=== How to complete this task ===
The answer is an exact repetition of every entry, with all images left out.
%%
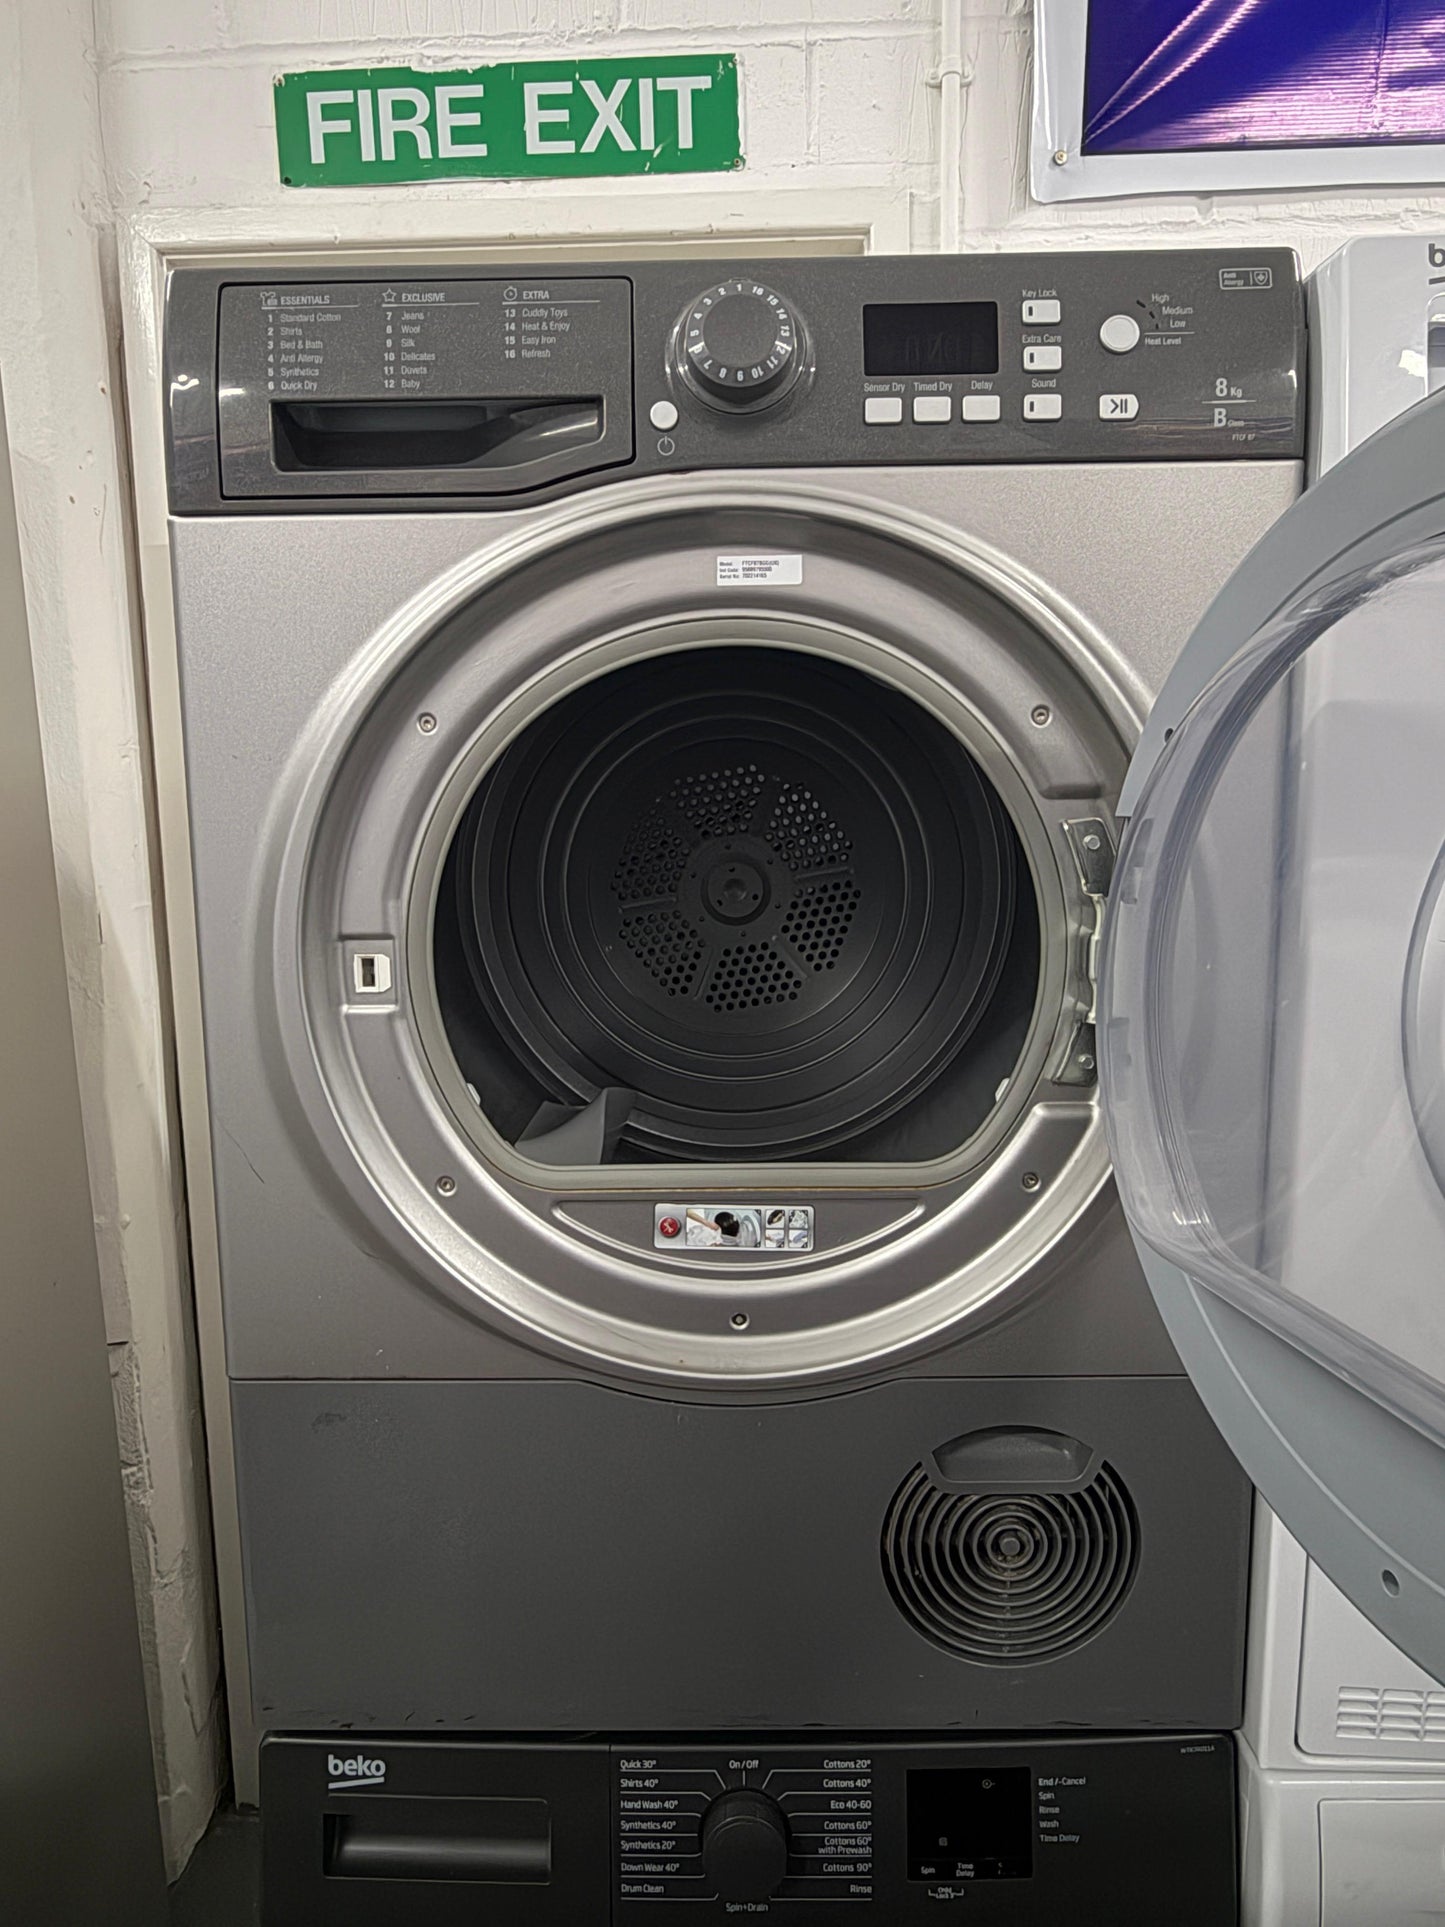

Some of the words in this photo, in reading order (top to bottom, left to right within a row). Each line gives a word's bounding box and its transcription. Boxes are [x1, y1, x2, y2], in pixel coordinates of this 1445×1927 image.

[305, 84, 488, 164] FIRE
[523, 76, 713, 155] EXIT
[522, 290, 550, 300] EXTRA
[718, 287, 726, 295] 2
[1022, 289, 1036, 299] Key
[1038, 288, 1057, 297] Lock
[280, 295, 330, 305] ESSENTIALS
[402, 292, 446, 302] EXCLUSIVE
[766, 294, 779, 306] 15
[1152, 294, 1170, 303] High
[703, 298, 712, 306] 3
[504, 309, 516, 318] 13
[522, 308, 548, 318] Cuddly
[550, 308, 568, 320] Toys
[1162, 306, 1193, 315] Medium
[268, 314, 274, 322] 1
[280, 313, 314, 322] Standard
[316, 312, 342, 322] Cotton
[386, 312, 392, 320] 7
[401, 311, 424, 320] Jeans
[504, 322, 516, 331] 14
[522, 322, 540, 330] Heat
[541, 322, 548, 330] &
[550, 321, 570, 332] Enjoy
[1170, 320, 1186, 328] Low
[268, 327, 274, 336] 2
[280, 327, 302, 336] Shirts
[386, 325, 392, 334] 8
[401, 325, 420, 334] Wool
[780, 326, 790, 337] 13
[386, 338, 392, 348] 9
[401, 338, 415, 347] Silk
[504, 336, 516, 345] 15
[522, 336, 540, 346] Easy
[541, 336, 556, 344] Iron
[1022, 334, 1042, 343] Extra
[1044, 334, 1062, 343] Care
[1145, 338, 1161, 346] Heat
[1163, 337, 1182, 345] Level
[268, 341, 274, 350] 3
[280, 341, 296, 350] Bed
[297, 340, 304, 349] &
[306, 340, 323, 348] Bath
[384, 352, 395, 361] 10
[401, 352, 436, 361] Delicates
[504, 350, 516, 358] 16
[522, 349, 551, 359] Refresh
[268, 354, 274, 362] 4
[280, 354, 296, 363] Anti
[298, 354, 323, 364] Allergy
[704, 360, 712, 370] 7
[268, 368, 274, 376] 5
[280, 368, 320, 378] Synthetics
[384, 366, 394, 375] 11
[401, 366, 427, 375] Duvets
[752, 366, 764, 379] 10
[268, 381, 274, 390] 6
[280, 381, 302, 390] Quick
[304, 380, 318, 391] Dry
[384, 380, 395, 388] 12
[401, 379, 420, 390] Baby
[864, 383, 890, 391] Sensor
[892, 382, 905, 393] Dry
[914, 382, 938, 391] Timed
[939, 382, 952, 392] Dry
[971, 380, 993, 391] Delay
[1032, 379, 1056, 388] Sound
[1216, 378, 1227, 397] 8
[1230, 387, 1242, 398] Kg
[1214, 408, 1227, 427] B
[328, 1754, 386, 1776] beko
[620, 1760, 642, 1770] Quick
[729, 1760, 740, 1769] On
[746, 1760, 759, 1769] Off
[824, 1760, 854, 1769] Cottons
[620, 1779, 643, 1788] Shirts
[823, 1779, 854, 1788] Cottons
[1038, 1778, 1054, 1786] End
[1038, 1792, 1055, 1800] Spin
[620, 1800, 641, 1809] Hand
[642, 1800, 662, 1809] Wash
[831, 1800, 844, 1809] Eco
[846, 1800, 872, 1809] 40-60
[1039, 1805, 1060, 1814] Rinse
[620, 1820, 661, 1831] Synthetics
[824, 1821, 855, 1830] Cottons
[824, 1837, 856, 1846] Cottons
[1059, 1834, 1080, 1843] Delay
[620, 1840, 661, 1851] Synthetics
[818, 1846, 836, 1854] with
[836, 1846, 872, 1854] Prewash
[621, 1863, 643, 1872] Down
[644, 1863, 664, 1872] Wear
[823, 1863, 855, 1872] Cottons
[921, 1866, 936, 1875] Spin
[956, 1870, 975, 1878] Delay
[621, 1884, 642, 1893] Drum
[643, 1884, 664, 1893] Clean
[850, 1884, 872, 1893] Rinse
%%
=== Response area ===
Some of the words in this photo, in reading order (top to bottom, left to right within a row). Each line gives a word's bounding box and its transcription. Boxes are [x1, y1, x2, y2], in pixel coordinates of this 1445×1927 image.

[305, 84, 488, 164] FIRE
[523, 76, 713, 155] EXIT
[522, 290, 550, 300] EXTRA
[718, 287, 726, 295] 2
[1022, 289, 1036, 299] Key
[1038, 288, 1057, 297] Lock
[280, 295, 330, 305] ESSENTIALS
[402, 292, 446, 302] EXCLUSIVE
[766, 294, 779, 306] 15
[1152, 294, 1170, 303] High
[703, 298, 712, 306] 3
[504, 309, 516, 318] 13
[522, 308, 548, 318] Cuddly
[550, 308, 568, 320] Toys
[1162, 306, 1193, 315] Medium
[268, 314, 274, 322] 1
[280, 313, 314, 322] Standard
[316, 312, 342, 322] Cotton
[386, 312, 392, 320] 7
[401, 311, 424, 320] Jeans
[504, 322, 516, 331] 14
[522, 322, 540, 330] Heat
[541, 322, 548, 330] &
[550, 321, 570, 332] Enjoy
[1170, 320, 1186, 328] Low
[268, 327, 274, 336] 2
[280, 327, 302, 336] Shirts
[386, 325, 392, 334] 8
[401, 325, 420, 334] Wool
[780, 326, 790, 337] 13
[386, 338, 392, 348] 9
[401, 338, 415, 347] Silk
[504, 336, 516, 345] 15
[522, 336, 540, 346] Easy
[541, 336, 556, 344] Iron
[1022, 334, 1042, 343] Extra
[1044, 334, 1062, 343] Care
[1145, 338, 1161, 346] Heat
[1163, 337, 1182, 345] Level
[268, 341, 274, 350] 3
[280, 341, 296, 350] Bed
[297, 340, 304, 349] &
[306, 340, 323, 348] Bath
[384, 352, 395, 361] 10
[401, 352, 436, 361] Delicates
[504, 350, 516, 358] 16
[522, 349, 551, 359] Refresh
[268, 354, 274, 362] 4
[280, 354, 296, 363] Anti
[298, 354, 323, 364] Allergy
[704, 360, 712, 370] 7
[268, 368, 274, 376] 5
[280, 368, 320, 378] Synthetics
[384, 366, 394, 375] 11
[401, 366, 427, 375] Duvets
[752, 366, 764, 379] 10
[268, 381, 274, 390] 6
[280, 381, 302, 390] Quick
[304, 380, 318, 391] Dry
[384, 380, 395, 388] 12
[401, 379, 420, 390] Baby
[864, 383, 890, 391] Sensor
[892, 382, 905, 393] Dry
[914, 382, 938, 391] Timed
[939, 382, 952, 392] Dry
[971, 380, 993, 391] Delay
[1032, 379, 1056, 388] Sound
[1216, 378, 1227, 397] 8
[1230, 387, 1242, 398] Kg
[1214, 408, 1227, 427] B
[328, 1754, 386, 1776] beko
[620, 1760, 642, 1770] Quick
[729, 1760, 740, 1769] On
[746, 1760, 759, 1769] Off
[824, 1760, 854, 1769] Cottons
[620, 1779, 643, 1788] Shirts
[823, 1779, 854, 1788] Cottons
[1038, 1778, 1054, 1786] End
[1038, 1792, 1055, 1800] Spin
[620, 1800, 641, 1809] Hand
[642, 1800, 662, 1809] Wash
[831, 1800, 844, 1809] Eco
[846, 1800, 872, 1809] 40-60
[1039, 1805, 1060, 1814] Rinse
[620, 1820, 661, 1831] Synthetics
[824, 1821, 855, 1830] Cottons
[824, 1837, 856, 1846] Cottons
[1059, 1834, 1080, 1843] Delay
[620, 1840, 661, 1851] Synthetics
[818, 1846, 836, 1854] with
[836, 1846, 872, 1854] Prewash
[621, 1863, 643, 1872] Down
[644, 1863, 664, 1872] Wear
[823, 1863, 855, 1872] Cottons
[921, 1866, 936, 1875] Spin
[956, 1870, 975, 1878] Delay
[621, 1884, 642, 1893] Drum
[643, 1884, 664, 1893] Clean
[850, 1884, 872, 1893] Rinse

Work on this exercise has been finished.